Prof. Alina Mądry: Man weiß nicht, wie sich die beiden getroffen haben, aber Tatsache ist, dass Carl Philipp ihr diese wichtige Sammlung der Sonaten „aus besonderer Hochachtung und Freundschaft“ widmete. Er war zu solchen Bekundungen nicht besonders geneigt, also muss Eleonore als Cembalistin einen wirklich großen Eindruck auf ihn gemacht haben. Im Nachlass-Verzeichnis (dem posthumen Katalog und den Notizen zu Bachs Manuskripten) finden wir eine Anmerkung zu einem anderen Stück: „Nur Madame Zernitz hat diese Sonatine“. Heute kennen wir diese Sonatine nur aus dieser Erwähnung. Das Originalmanuskript selbst, sofern es erhalten geblieben ist, wurde bisher nicht eindeutig identifiziert. Eleonore war nicht nur eine hervorragende Cembalistin, sondern auch Komponistin und Gelehrte, sie stand in Briefkontakt mit herausragenden Persönlichkeiten des damaligen Kulturlebens. Es wäre lohnenswert, diese Person als separates Forschungsthema zu behandeln.

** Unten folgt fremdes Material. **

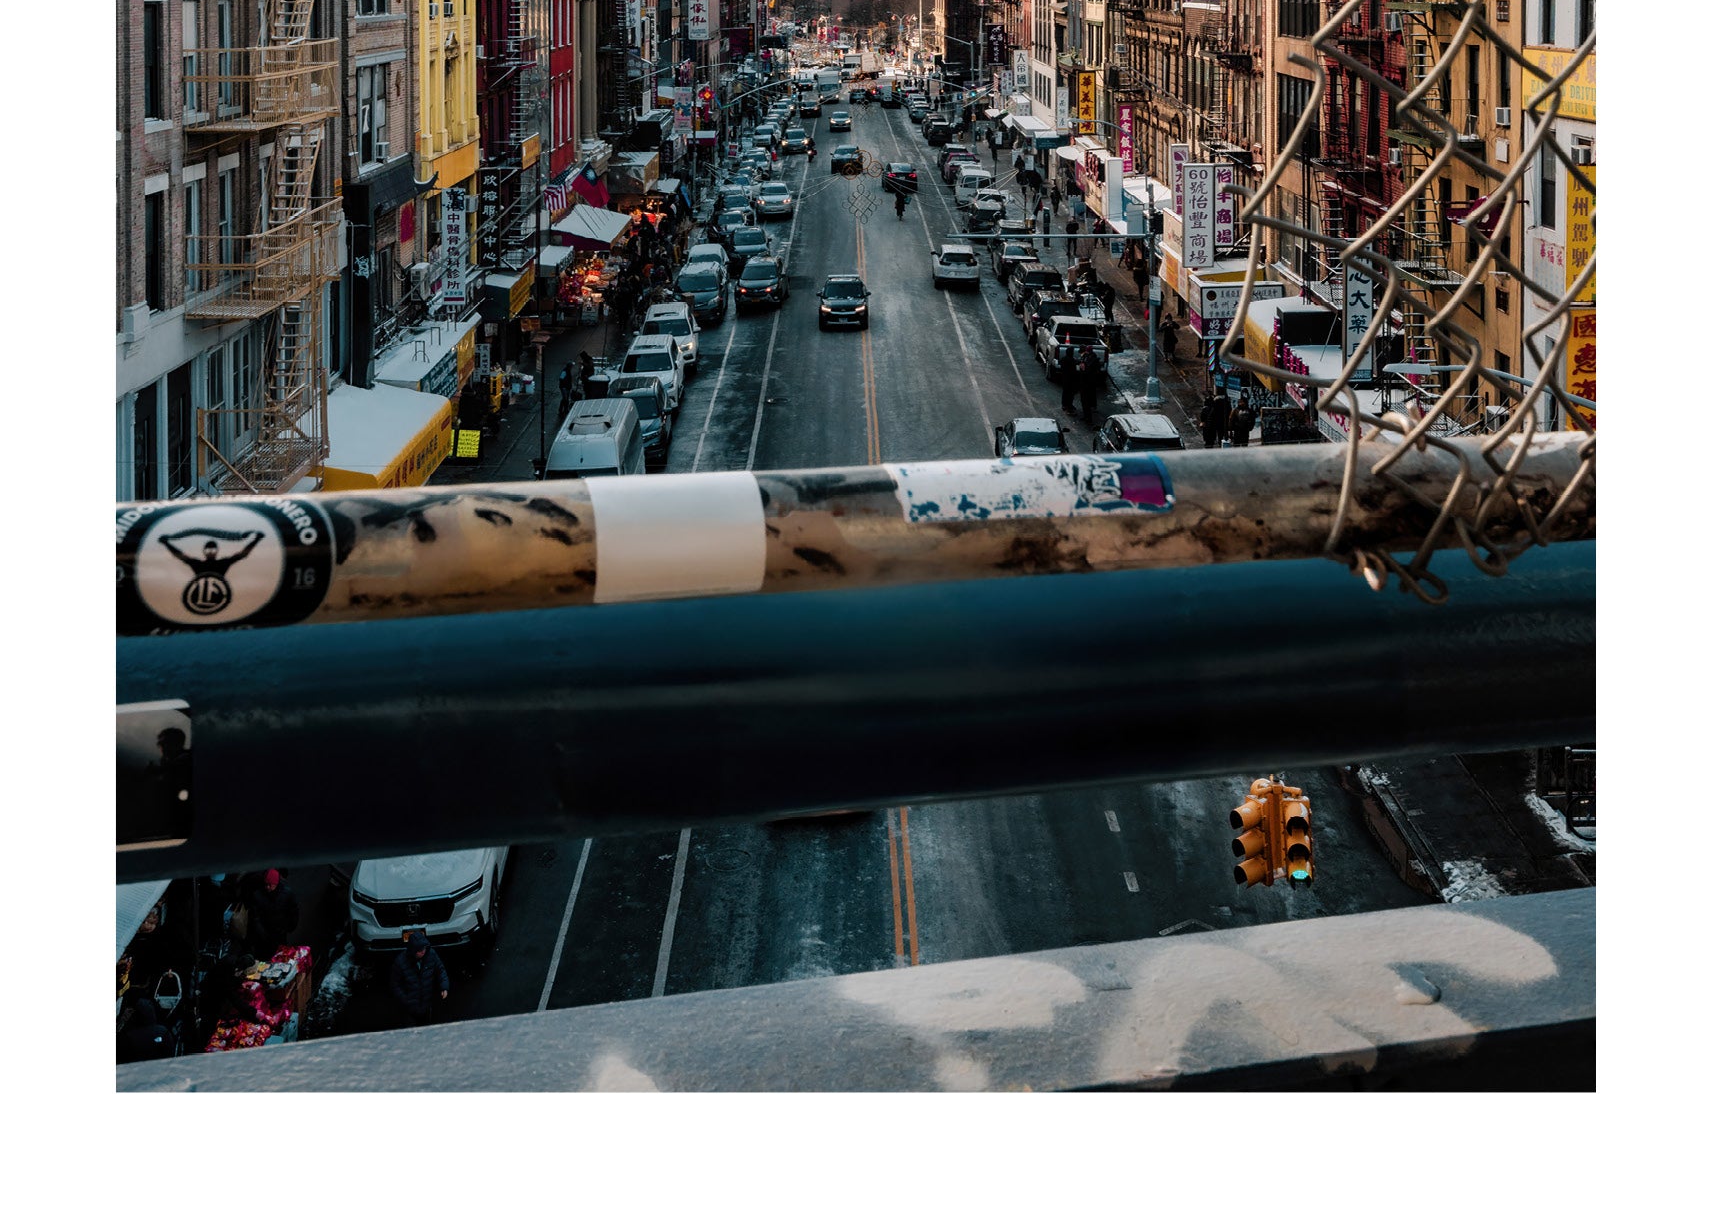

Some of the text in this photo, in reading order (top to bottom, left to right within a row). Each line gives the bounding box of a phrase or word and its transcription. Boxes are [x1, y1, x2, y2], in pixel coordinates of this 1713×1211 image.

[446, 190, 461, 290] 中醫骨傷科診所
[294, 567, 316, 586] 16

klassik-begeistert: Wenn wir beim Thema Polen sind: Bezieht sich der Begriff „alla polacca“ bei C.P.E. Bach auf den Tanz Polonaise?
Prof. Alina Mądry: Im Allgemeinen hat man diesen Begriff mit der Polonaise als polnischen Tanz in Verbindung gebracht. Es war sozusagen ein internationaler kultureller Code, den man mit Polen und manchmal auch mit Litauen assoziierte, da es sich damals um die Republik beider Nationen handelte. Wenn wir uns die Tabulaturen aus dem 16. Jahrhundert ansehen, finden wir dort bereits „alla polacca“ für die Laute.

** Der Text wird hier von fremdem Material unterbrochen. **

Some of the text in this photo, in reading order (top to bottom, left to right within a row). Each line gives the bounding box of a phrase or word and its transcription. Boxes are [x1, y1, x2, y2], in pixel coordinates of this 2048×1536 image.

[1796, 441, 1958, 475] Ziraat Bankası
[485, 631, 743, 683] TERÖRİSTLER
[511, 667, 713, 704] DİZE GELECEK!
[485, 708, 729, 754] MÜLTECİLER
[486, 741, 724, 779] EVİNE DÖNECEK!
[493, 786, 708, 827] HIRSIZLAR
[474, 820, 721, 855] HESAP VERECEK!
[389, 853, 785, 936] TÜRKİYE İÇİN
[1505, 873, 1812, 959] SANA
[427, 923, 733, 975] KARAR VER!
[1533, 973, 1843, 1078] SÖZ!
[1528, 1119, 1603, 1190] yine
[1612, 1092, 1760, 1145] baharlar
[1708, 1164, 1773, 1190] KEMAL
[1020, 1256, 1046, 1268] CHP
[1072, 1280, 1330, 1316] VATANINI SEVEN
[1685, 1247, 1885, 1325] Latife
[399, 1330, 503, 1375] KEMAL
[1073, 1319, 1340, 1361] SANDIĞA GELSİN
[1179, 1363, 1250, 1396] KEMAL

Szymon Paczkowski weist in seinem Buch „Der polnische Stil in der Musik Johann Sebastian Bachs“ darauf hin, dass Johann Sebastian die Polonaise in der Dramaturgie seiner Vokal- und Instrumentalwerke verwendete, besonders zu Themen des „Himmelreichs“, und ihm die Funktion eines Symbols für die Krone und die königliche Majestät zuwies.
Carl Philipp übernahm den Stil „alla polacca“ von seinem Vater, nutzte ihn jedoch hauptsächlich in der Instrumentalmusik als Tanzstil – eine Art Eleganz, die zu seiner „Empfindsamkeit“ gehörte. In Vokal- und Instrumentalwerken verwendete er, wie Johann Sebastian, die Polonaise als ein dramaturgisches Element, das Arien und Chören einen besonderen Charakter verlieh – zeremoniell, majestätisch, manchmal kontrastreich. Der Unterschied besteht darin, dass sie beim Vater eine symbolische und bei dem Sohn zusätzlich eine emotionale Dimension hatte.

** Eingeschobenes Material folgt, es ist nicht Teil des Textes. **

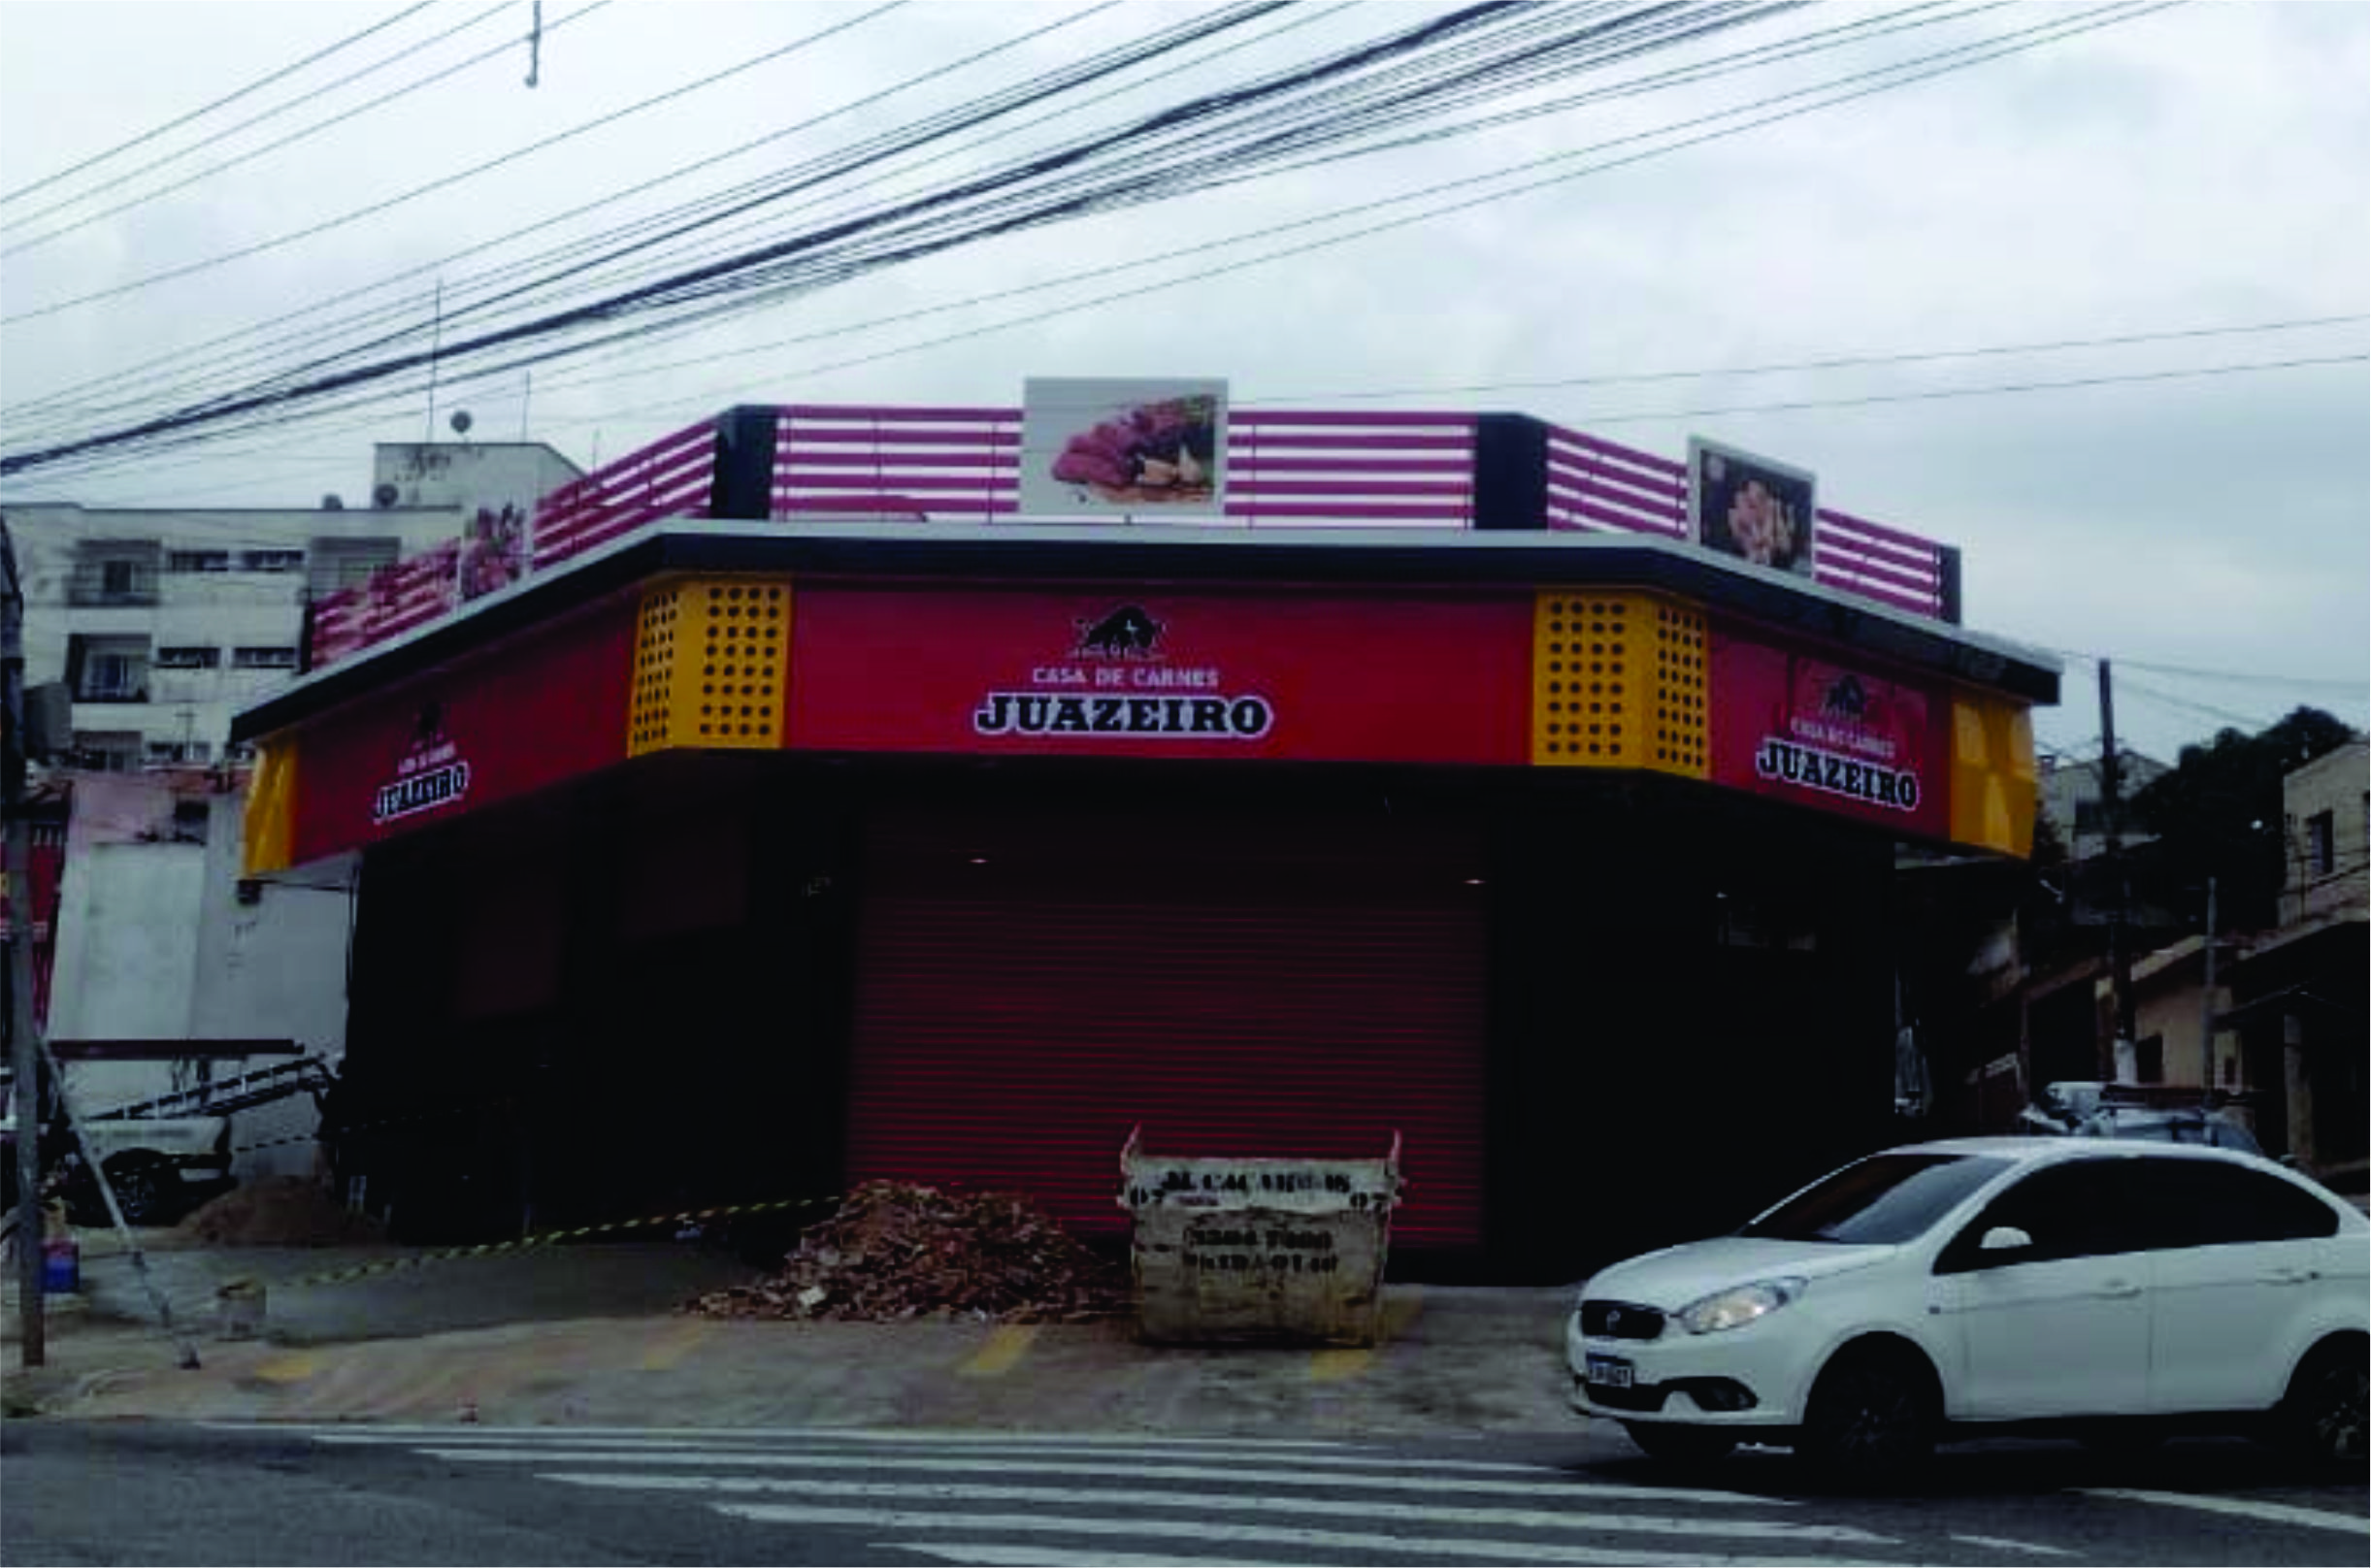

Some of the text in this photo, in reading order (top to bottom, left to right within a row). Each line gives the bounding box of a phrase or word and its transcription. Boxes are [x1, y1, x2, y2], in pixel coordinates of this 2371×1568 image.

[1033, 668, 1219, 688] CASA DE CARNES
[974, 693, 1272, 736] JUAZEIRO
[1757, 738, 1919, 810] JUAZEIRO

klassik-begeistert: Herzlichen Dank für das Gespräch.
Jolanta Łada-Zielke, 3. Oktober 2025, für
klassik-begeistert.de und klassik-begeistert.at
Im 2. Teil dieses Interviews sprechen wir über die Entdeckung eines Manuskripts eines Werks von C.P.E. Bach in einem Benediktinerinnenkloster in der Nähe von Krakau – zu lesen demnächst hier auf klassik-begeistert.de und klassik-begeistert.at.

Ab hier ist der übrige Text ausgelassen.